Exercise brief:
Take the data below and repeat it exactly.

[Phrase grounding data]
==========

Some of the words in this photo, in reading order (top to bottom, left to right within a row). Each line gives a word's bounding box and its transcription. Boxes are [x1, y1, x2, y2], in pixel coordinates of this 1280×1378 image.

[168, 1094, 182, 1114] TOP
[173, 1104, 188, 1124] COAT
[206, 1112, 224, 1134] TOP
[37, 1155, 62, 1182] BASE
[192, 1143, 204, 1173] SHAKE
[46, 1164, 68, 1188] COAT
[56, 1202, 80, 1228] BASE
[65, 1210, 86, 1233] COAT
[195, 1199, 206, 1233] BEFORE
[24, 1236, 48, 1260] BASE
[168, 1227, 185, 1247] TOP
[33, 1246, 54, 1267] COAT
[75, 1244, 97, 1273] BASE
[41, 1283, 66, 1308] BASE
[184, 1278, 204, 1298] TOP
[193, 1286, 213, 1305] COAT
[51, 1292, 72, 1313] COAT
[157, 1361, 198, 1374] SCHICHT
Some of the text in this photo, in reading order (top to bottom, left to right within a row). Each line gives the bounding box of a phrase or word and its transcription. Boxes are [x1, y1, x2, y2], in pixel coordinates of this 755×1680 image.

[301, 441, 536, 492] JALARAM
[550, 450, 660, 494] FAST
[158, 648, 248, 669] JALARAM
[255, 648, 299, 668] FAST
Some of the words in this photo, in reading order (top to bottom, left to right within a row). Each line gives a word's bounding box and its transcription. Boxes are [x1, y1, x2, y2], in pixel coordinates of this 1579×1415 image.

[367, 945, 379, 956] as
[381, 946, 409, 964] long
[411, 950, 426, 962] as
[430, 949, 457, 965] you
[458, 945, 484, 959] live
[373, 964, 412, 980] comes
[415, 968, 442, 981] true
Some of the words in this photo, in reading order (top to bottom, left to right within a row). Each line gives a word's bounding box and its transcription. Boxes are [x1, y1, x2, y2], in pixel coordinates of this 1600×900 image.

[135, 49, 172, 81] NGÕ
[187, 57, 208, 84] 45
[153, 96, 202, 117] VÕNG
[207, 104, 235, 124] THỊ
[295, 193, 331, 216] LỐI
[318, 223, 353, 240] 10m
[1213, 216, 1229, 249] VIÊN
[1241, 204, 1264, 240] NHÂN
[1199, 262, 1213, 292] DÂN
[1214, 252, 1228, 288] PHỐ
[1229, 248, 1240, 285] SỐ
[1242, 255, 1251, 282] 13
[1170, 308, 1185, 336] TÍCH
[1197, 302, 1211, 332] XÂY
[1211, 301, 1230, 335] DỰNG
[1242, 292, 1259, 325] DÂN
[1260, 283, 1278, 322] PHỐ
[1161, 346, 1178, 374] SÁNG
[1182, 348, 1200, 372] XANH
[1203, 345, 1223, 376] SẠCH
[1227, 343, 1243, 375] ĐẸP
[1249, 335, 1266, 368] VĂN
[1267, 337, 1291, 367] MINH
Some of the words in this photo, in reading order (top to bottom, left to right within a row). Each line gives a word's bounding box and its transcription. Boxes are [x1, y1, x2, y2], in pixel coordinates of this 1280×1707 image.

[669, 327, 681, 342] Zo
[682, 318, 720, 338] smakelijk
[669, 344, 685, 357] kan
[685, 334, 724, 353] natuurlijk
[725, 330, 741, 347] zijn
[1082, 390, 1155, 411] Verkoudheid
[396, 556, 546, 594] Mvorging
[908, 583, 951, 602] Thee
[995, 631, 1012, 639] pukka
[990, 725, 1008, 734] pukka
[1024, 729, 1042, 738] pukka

==========

Result of this task:
Some of the words in this photo, in reading order (top to bottom, left to right within a row). Each line gives a word's bounding box and its transcription. Boxes are [x1, y1, x2, y2], in pixel coordinates of this 1280×1378 image.

[168, 1094, 182, 1114] TOP
[173, 1104, 188, 1124] COAT
[206, 1112, 224, 1134] TOP
[37, 1155, 62, 1182] BASE
[192, 1143, 204, 1173] SHAKE
[46, 1164, 68, 1188] COAT
[56, 1202, 80, 1228] BASE
[65, 1210, 86, 1233] COAT
[195, 1199, 206, 1233] BEFORE
[24, 1236, 48, 1260] BASE
[168, 1227, 185, 1247] TOP
[33, 1246, 54, 1267] COAT
[75, 1244, 97, 1273] BASE
[41, 1283, 66, 1308] BASE
[184, 1278, 204, 1298] TOP
[193, 1286, 213, 1305] COAT
[51, 1292, 72, 1313] COAT
[157, 1361, 198, 1374] SCHICHT
Some of the text in this photo, in reading order (top to bottom, left to right within a row). Each line gives the bounding box of a phrase or word and its transcription. Boxes are [x1, y1, x2, y2], in pixel coordinates of this 755×1680 image.

[301, 441, 536, 492] JALARAM
[550, 450, 660, 494] FAST
[158, 648, 248, 669] JALARAM
[255, 648, 299, 668] FAST
Some of the words in this photo, in reading order (top to bottom, left to right within a row). Each line gives a word's bounding box and its transcription. Boxes are [x1, y1, x2, y2], in pixel coordinates of this 1579×1415 image.

[367, 945, 379, 956] as
[381, 946, 409, 964] long
[411, 950, 426, 962] as
[430, 949, 457, 965] you
[458, 945, 484, 959] live
[373, 964, 412, 980] comes
[415, 968, 442, 981] true
Some of the words in this photo, in reading order (top to bottom, left to right within a row). Each line gives a word's bounding box and its transcription. Boxes are [x1, y1, x2, y2], in pixel coordinates of this 1600×900 image.

[135, 49, 172, 81] NGÕ
[187, 57, 208, 84] 45
[153, 96, 202, 117] VÕNG
[207, 104, 235, 124] THỊ
[295, 193, 331, 216] LỐI
[318, 223, 353, 240] 10m
[1213, 216, 1229, 249] VIÊN
[1241, 204, 1264, 240] NHÂN
[1199, 262, 1213, 292] DÂN
[1214, 252, 1228, 288] PHỐ
[1229, 248, 1240, 285] SỐ
[1242, 255, 1251, 282] 13
[1170, 308, 1185, 336] TÍCH
[1197, 302, 1211, 332] XÂY
[1211, 301, 1230, 335] DỰNG
[1242, 292, 1259, 325] DÂN
[1260, 283, 1278, 322] PHỐ
[1161, 346, 1178, 374] SÁNG
[1182, 348, 1200, 372] XANH
[1203, 345, 1223, 376] SẠCH
[1227, 343, 1243, 375] ĐẸP
[1249, 335, 1266, 368] VĂN
[1267, 337, 1291, 367] MINH
Some of the words in this photo, in reading order (top to bottom, left to right within a row). Each line gives a word's bounding box and its transcription. Boxes are [x1, y1, x2, y2], in pixel coordinates of this 1280×1707 image.

[669, 327, 681, 342] Zo
[682, 318, 720, 338] smakelijk
[669, 344, 685, 357] kan
[685, 334, 724, 353] natuurlijk
[725, 330, 741, 347] zijn
[1082, 390, 1155, 411] Verkoudheid
[396, 556, 546, 594] Mvorging
[908, 583, 951, 602] Thee
[995, 631, 1012, 639] pukka
[990, 725, 1008, 734] pukka
[1024, 729, 1042, 738] pukka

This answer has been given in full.